Data Warehouse Fundamentals - ayaohsu/Personal-Resources GitHub Wiki

Data Warehousing Concepts

Data warehouse: a warehouse filled with data!

A data warehouse is a central repository of information that can be analyzed to make more informed decisions. It is designed to support business intelligence activities.
So the database is the platform and the data warehouse is the usage. Data warehouse is built upon database.

Concepts by Bill Inmon (~1990)

  • Integrated: Data is from a number of sources
  • Subject oriented: Regardless of sources, it should be organized by subject
  • Time variant: It contains historical data
  • Non volatile: Data warehouse remain stable between refreshes

Reasons for data warehousing

  1. Making data-driven decisions
  2. One stop shopping (since data is scattered all over the place)

Data Warehouse vs Data Lake

Data warehouse is built upon RDBMS. Whereas data lake is built upon big data environment. Some people think data lakes as next generation data warehouse.

  1. Volume: data lake contains much more volume
  2. Velocity: data lake supports more rapidly data intake
  3. Variety: data warehouse supports structured data, but big data supports both structure/unstructured data

Data Warehousing vs Data Virtualization

Data virtualization is essentially read-only distributed DBMS. It is in-place data access, unlike data warehouse.

End-to-End DW Environment

data sources ---> ETL (Extract/Transform/Load) ---> data warehouse ---> ETL ---> Data Marts
Suppliers -> Wholesaler -> Retailers

Data Warehousing Architecture

Centralized Data Warehouse

  • Single database
  • One stop shopping
    One challenge is the high cross-org cooperation, high data governance for such a highly centralized architecture.

Component-Based Data Warehouse

  • Decomposition
  • Mix-and-match technology
  • Bolt together components
  • Overcome org. challenges
    Challenges: often inconsistent data, difficult to cross-integrate

"Cube"

Cube = Multidimensional database (MDBMS)

Operational Data Store

ODS integrates data from multiple sources, but its emphasis is on current operational data, and it's often real-time source.
"Tell me what is happening right now"
Strategical decision making vs operational decision making
Two options: parallel ETL pipeline or treat ODS as a stage (and feed to DW)
However, this is less popular now since current DWs are faster, and we have data lake

Best Value

Business Intelligence + {Data Warehousing and/or Data Lakes and/or Data Virtualization and/or Operational Data Store} = BEST VALUE

Staging Layer

  1. Staging Layer: The Extraction part (1 to 1 mapping from the source)
  • Non-persistent: empty -> extract -> load (to UAL) -> empty
  • Persistent: Data is not cleaned up after loading to UAL
  1. User Access Layer

Bring Data Into Your Data Warehouse

Extract:

  • Quickly pull data from source applications
  • Traditionally done in "batches"
  • Raw data
  • Land in staging layer

Transform:

  • Apples to apples
  • Prepare for uniform data in user access layer
  • Can be very complex

Load:

  • Store uniform data in user access layer

Challenges: significant business analysis/data modeling BEFORE storing data

ELT (compared with ETL)

  • Blast data into big data environment
  • Use big data environment computing power to transform when needed

Initial Load ETL

  • Normally one time only, right before the data warehouse goes live
  • Bring in all relevant data necessary for BI and analytics
    • data definitely needed for BI and analytics
    • data probably needed for BI and analytics
    • historical data

Incremental ETL

  • Incrementally "refreshes" the data warehouse
  • New data: employees, etc.
  • Modified data: employee promotions, etc.
  • Special handling for deleted data: customer drops from a subscription plan, etc.

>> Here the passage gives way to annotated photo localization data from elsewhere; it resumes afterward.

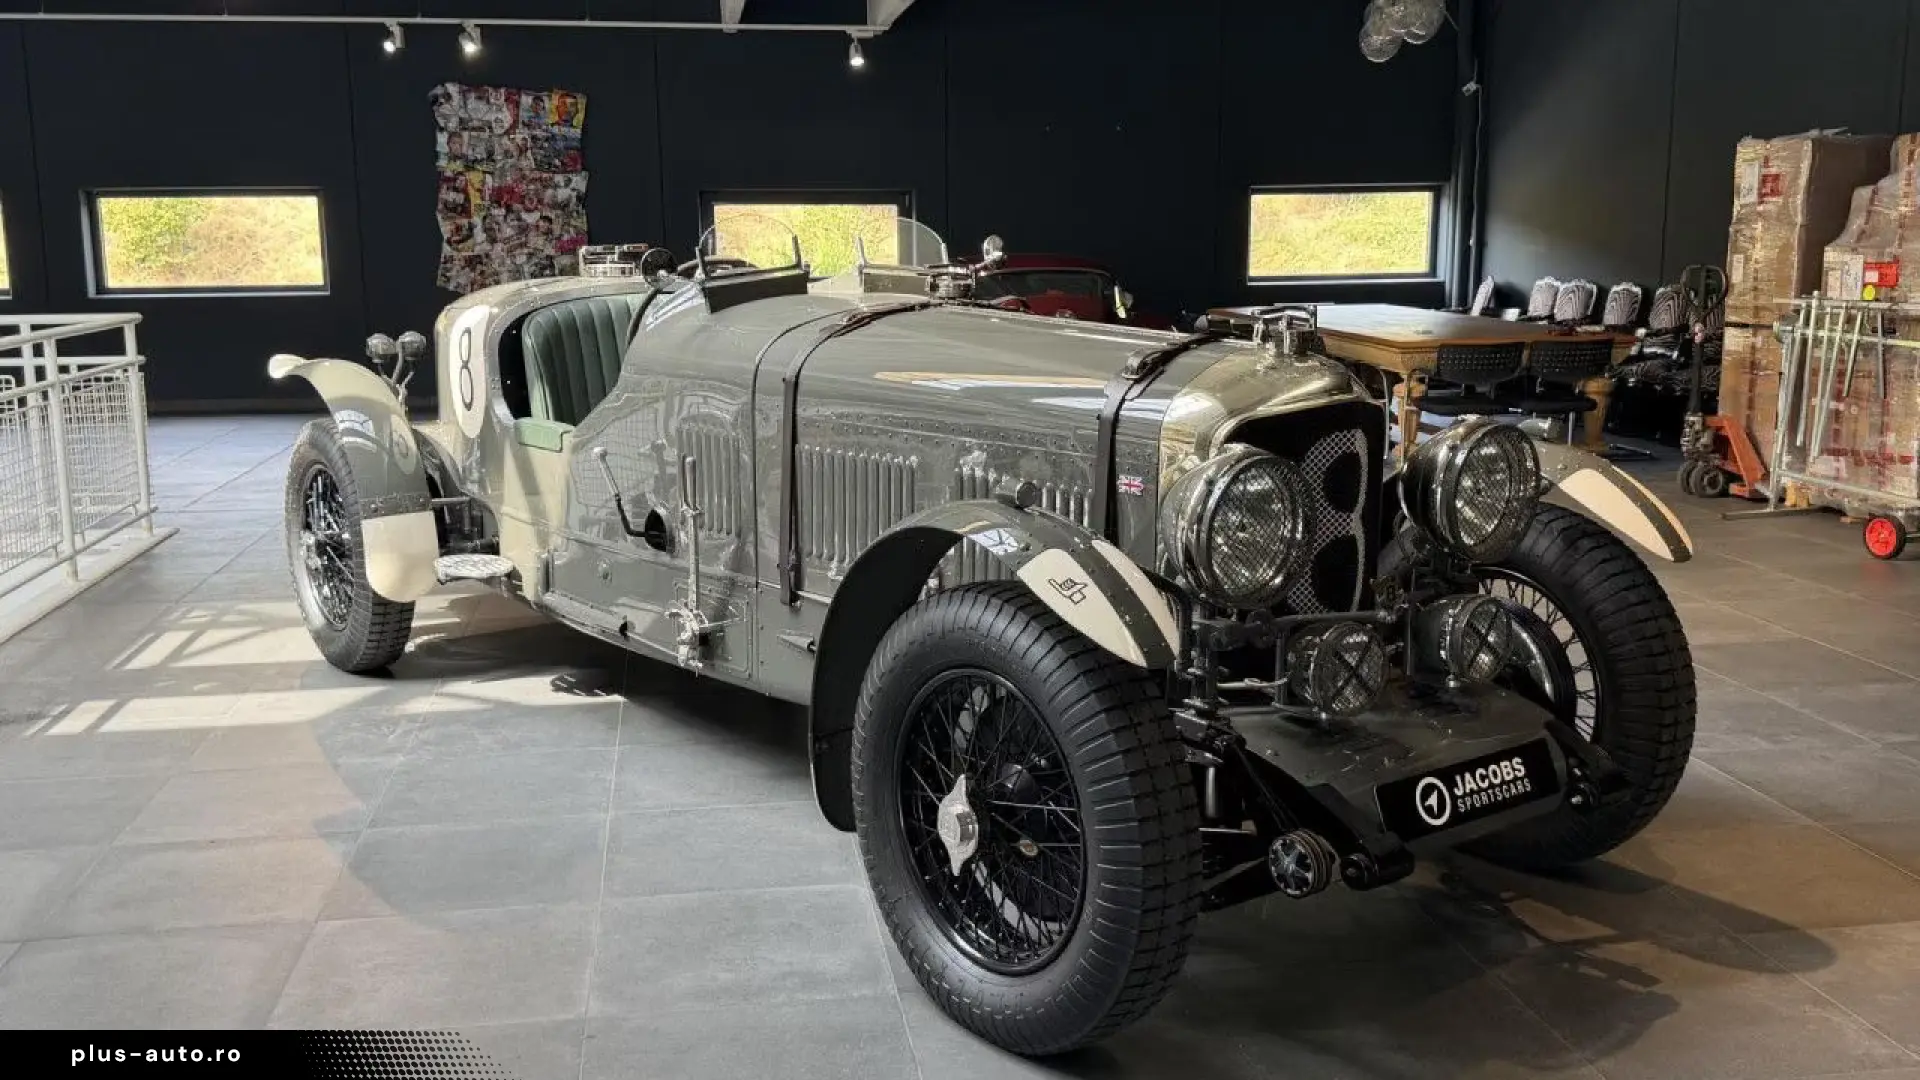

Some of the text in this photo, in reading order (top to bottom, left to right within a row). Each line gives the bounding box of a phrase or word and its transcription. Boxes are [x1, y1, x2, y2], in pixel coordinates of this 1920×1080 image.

[459, 327, 474, 411] 8
[1453, 756, 1525, 796] JACOBS
[1457, 778, 1531, 813] SPORTSCARS
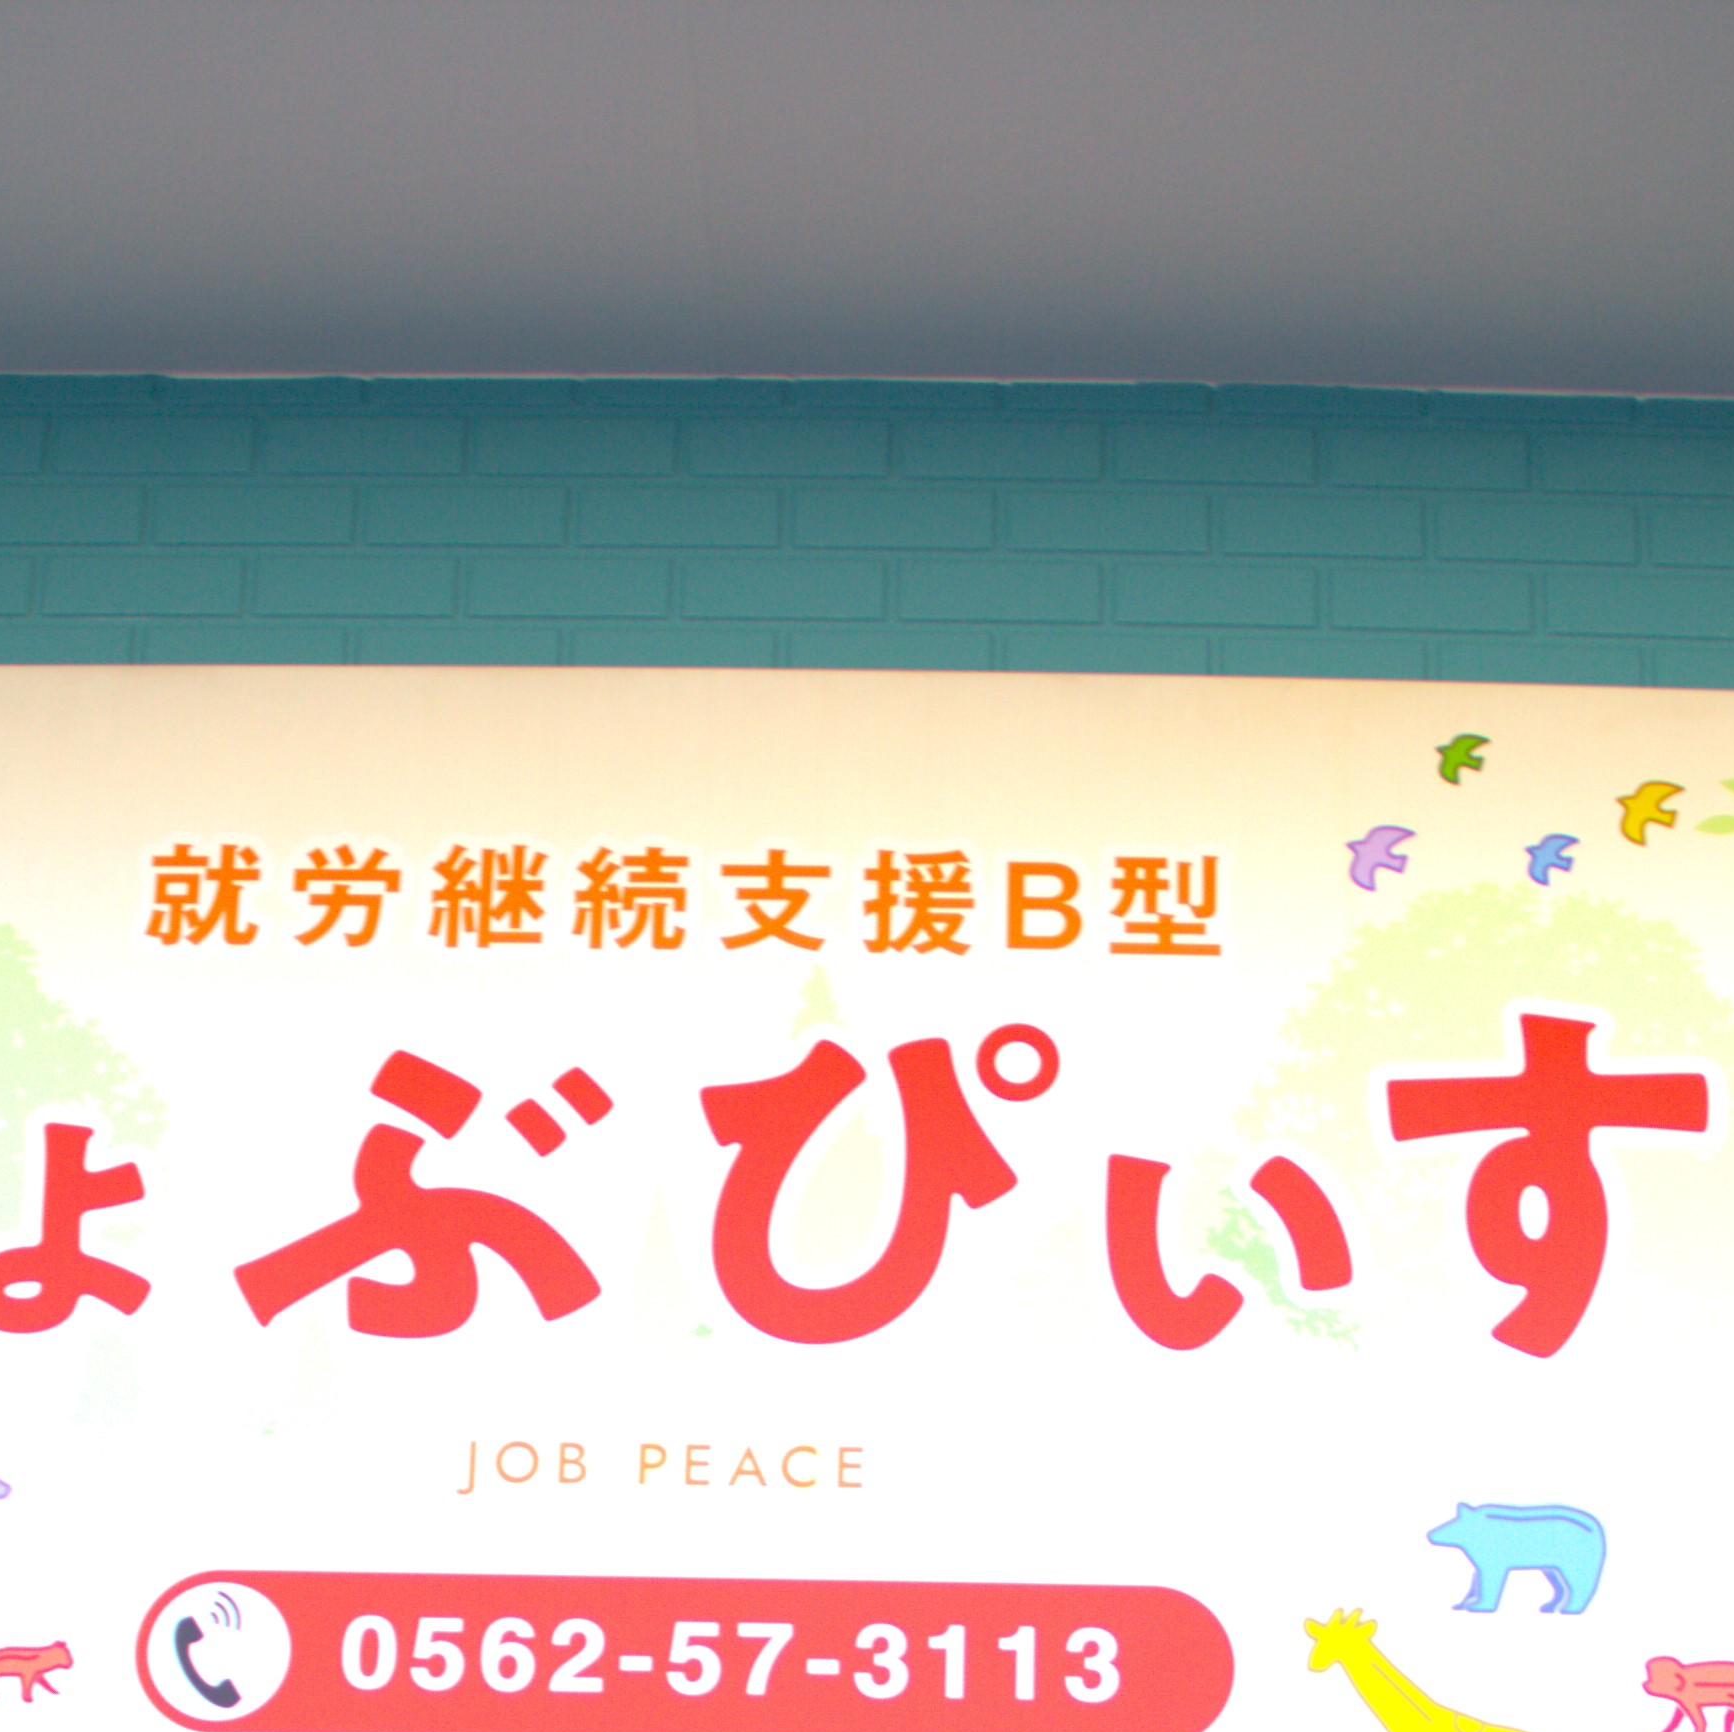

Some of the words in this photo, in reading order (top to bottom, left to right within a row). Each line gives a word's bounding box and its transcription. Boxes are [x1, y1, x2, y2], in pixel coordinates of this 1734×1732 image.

[146, 843, 1222, 957] 就労継続支援B型
[457, 1440, 588, 1495] JOB
[638, 1441, 865, 1490] PEACE
[340, 1613, 1121, 1704] 0562-57-3113

Four major incremental ETL patterns:

  • Append
  • In-place update
  • Complete replacement
  • Rolling append

ETL today will use append and in-place update mostly

Role of Data Transformation

  • Uniformity
  • Restructuring

Common data transformation models:

  • Data value unification (ex: cm, ft -> cm)
  • Data type and size unification (char(3) and char(20))
  • De-duplication (ensure no double counting)
  • Vertical slicing (dropping columns)
  • Horizontal slicing (value-based row filtering)
  • Correcting known errors (correcting invalid values)